Con la llegada del Jueves Santo, la comunidad se encamina hacia los días más significativos del calendario cristiano. Más allá de la tradición, la Semana Santa se presenta como una oportunidad anual para el silencio interior, la introspección y la renovación de la esperanza.
El significado de los días santos
Este camino se inicia con el Jueves Santo, recordando la Institución de la Eucaristía y el gesto de humildad del Lavatorio de Pies.
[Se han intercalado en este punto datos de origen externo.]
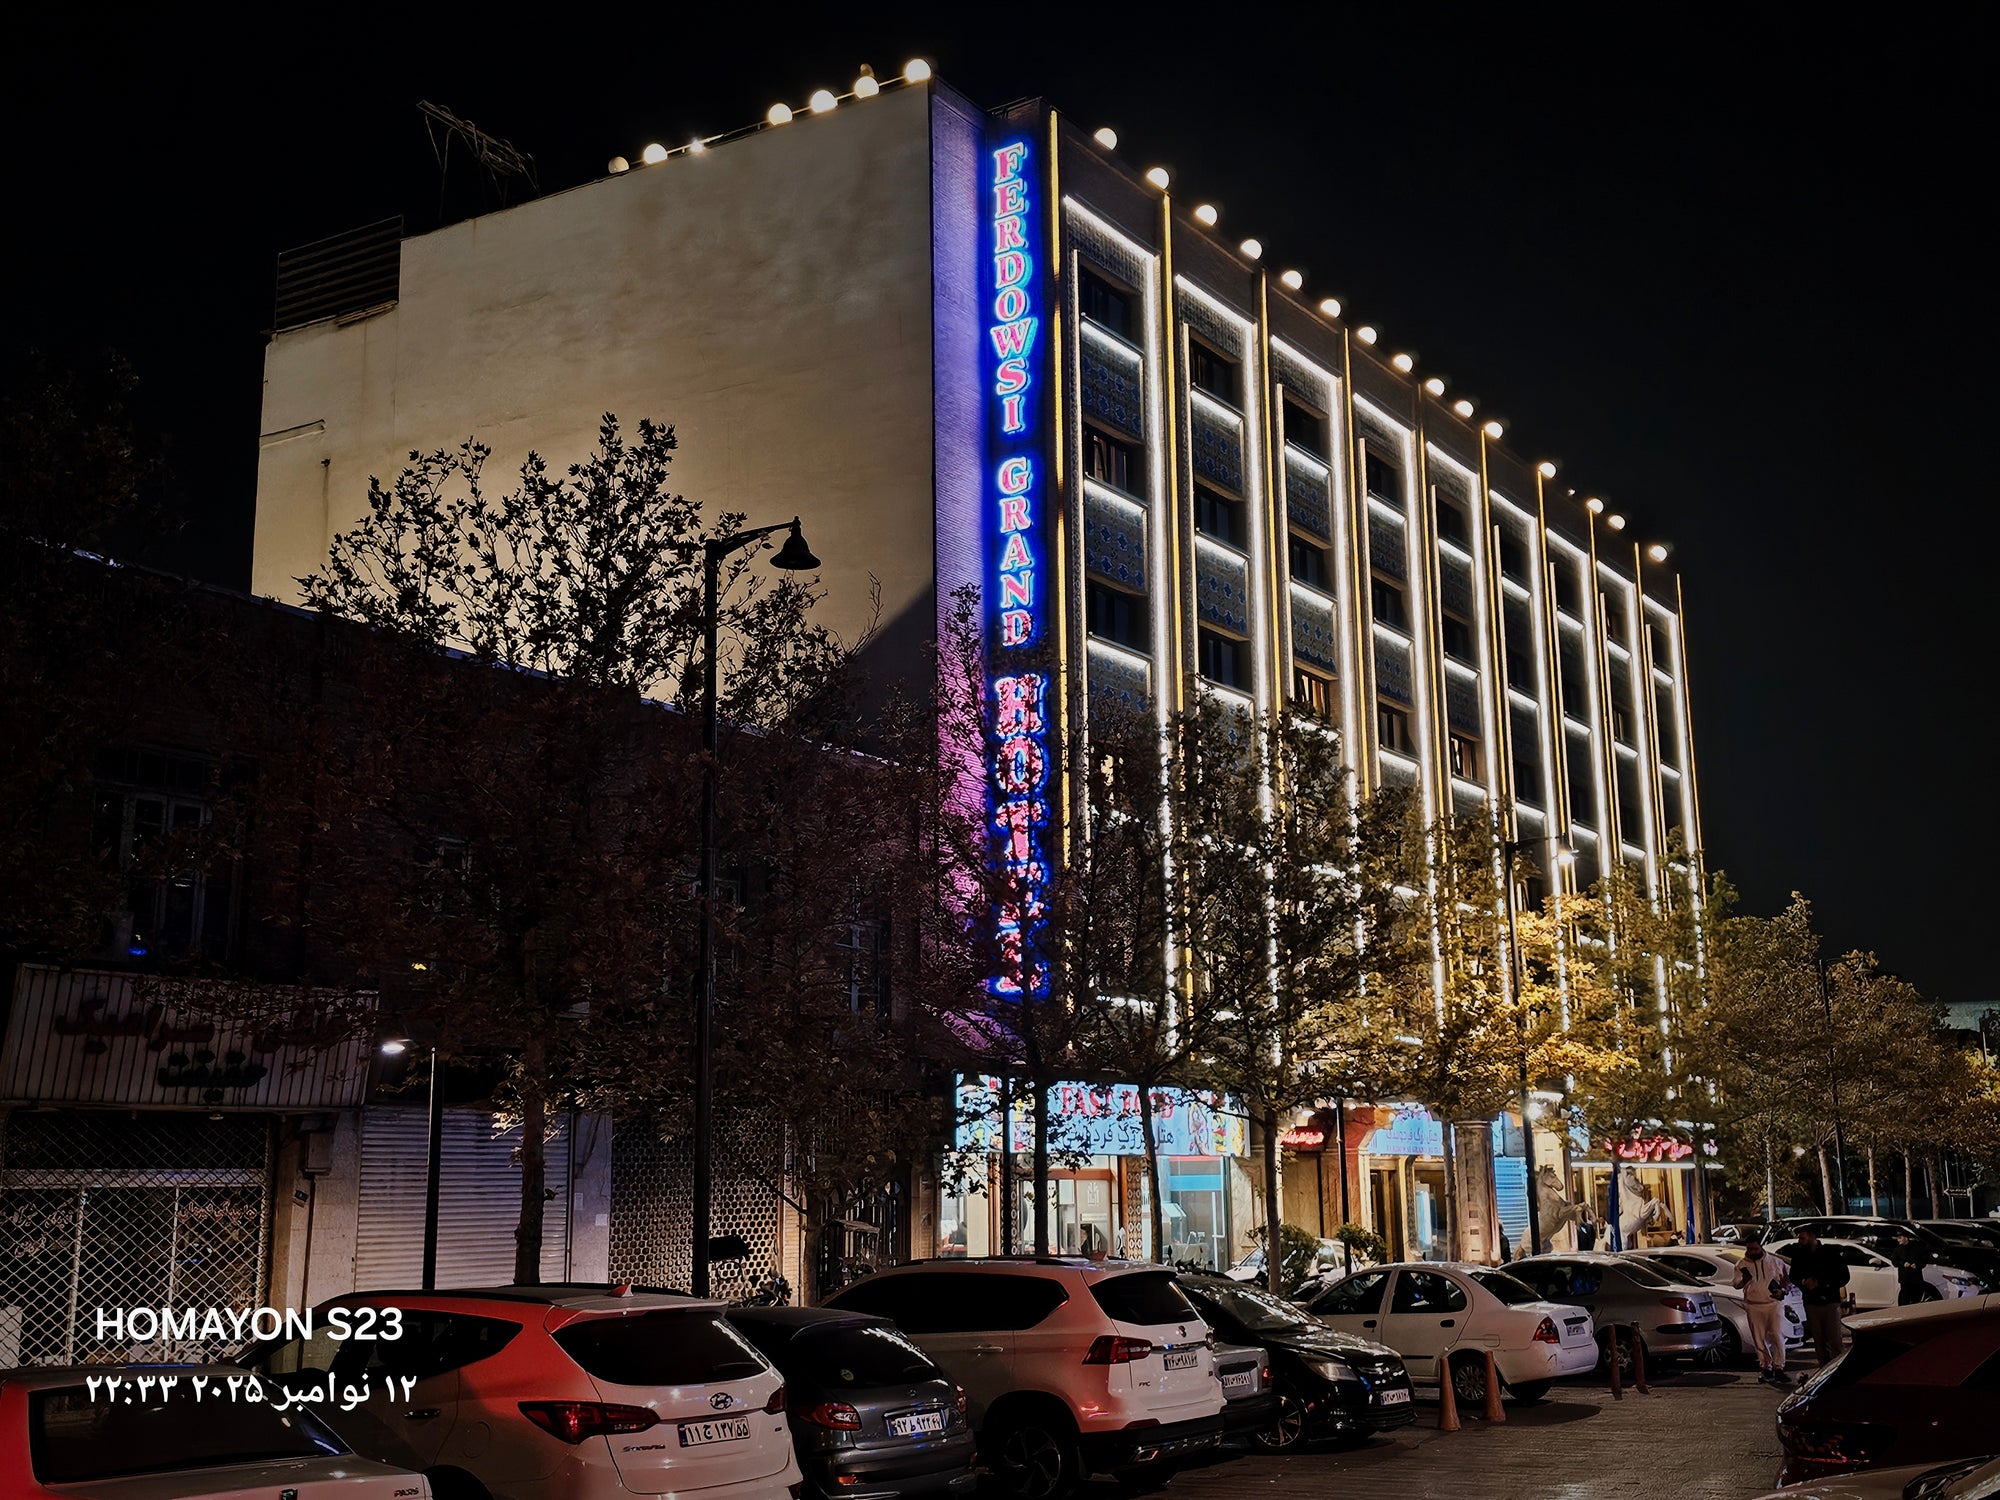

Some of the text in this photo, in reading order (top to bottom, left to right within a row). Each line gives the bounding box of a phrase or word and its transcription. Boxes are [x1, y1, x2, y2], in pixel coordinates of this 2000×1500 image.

Es el día de la caridad y de entender el servicio al prójimo como base de la convivencia.
El Viernes Santo, día de recogimiento absoluto, nos invita a reflexionar sobre el sacrificio y el valor de la entrega. Es, quizás, el momento más profundo para mirar hacia adentro y evaluar nuestras acciones, buscando la reconciliación con uno mismo y con los demás.
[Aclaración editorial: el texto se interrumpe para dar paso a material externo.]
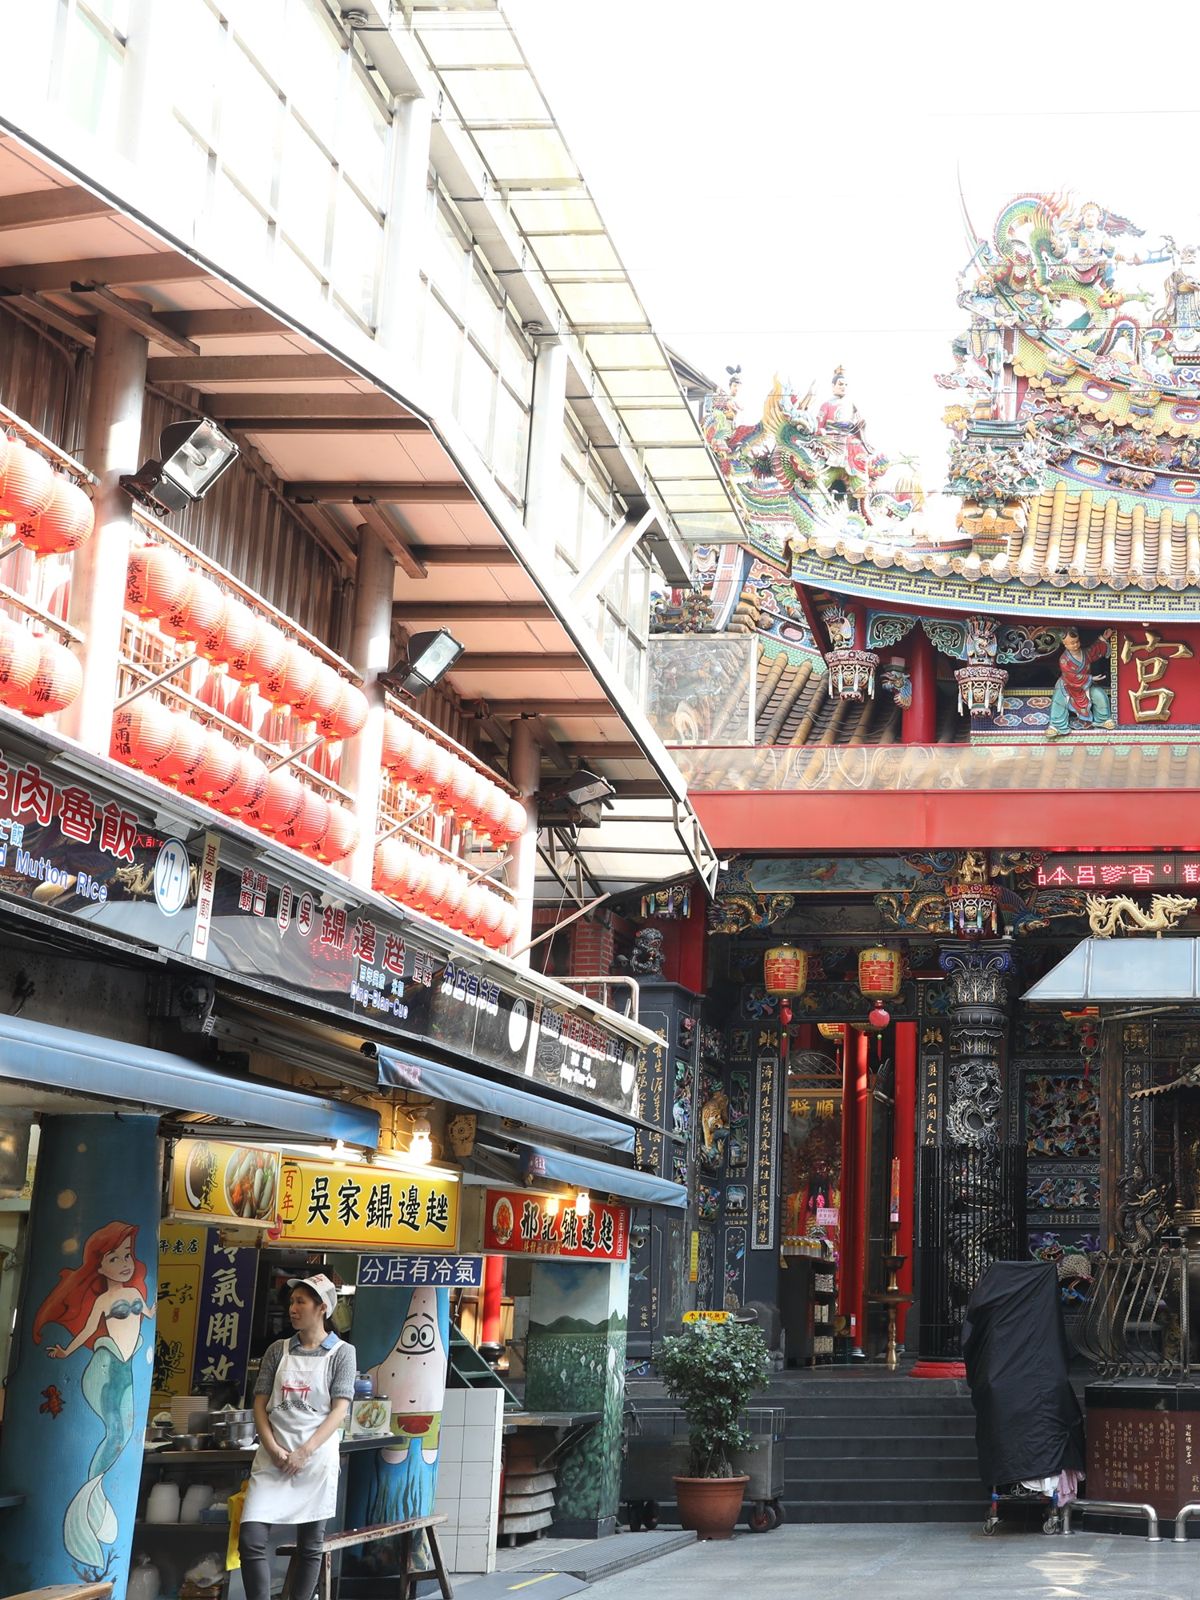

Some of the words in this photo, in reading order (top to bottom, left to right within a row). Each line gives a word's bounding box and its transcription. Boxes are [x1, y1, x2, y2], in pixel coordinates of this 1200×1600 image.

[0, 752, 138, 863] 肉魯飯
[15, 848, 70, 890] Mutton
[76, 871, 108, 903] Rice
[362, 1257, 476, 1285] 分店有冷氣
Finalmente, el Domingo de Pascua celebra la Resurrección de Jesús. Es la victoria de la vida y la luz, un mensaje que invita a la comunidad a renacer con nuevos propósitos, fortaleciendo la fe y los vínculos humanos.
Un espacio para el encuentro
En tiempos de vértigo constante, la Semana Santa funciona como un refugio. Es el momento de encontrarse con uno mismo, de pasar tiempo de calidad en familia y de elevar una oración por la paz y el bienestar común. Para los ciudadanos de Esquina, estos días son una invitación a detener la marcha, reflexionar sobre el presente y proyectar un futuro basado en la solidaridad y el respeto mutuo.
Que esta Pascua sea, sobre todo, un renacer en el corazón de cada vecino.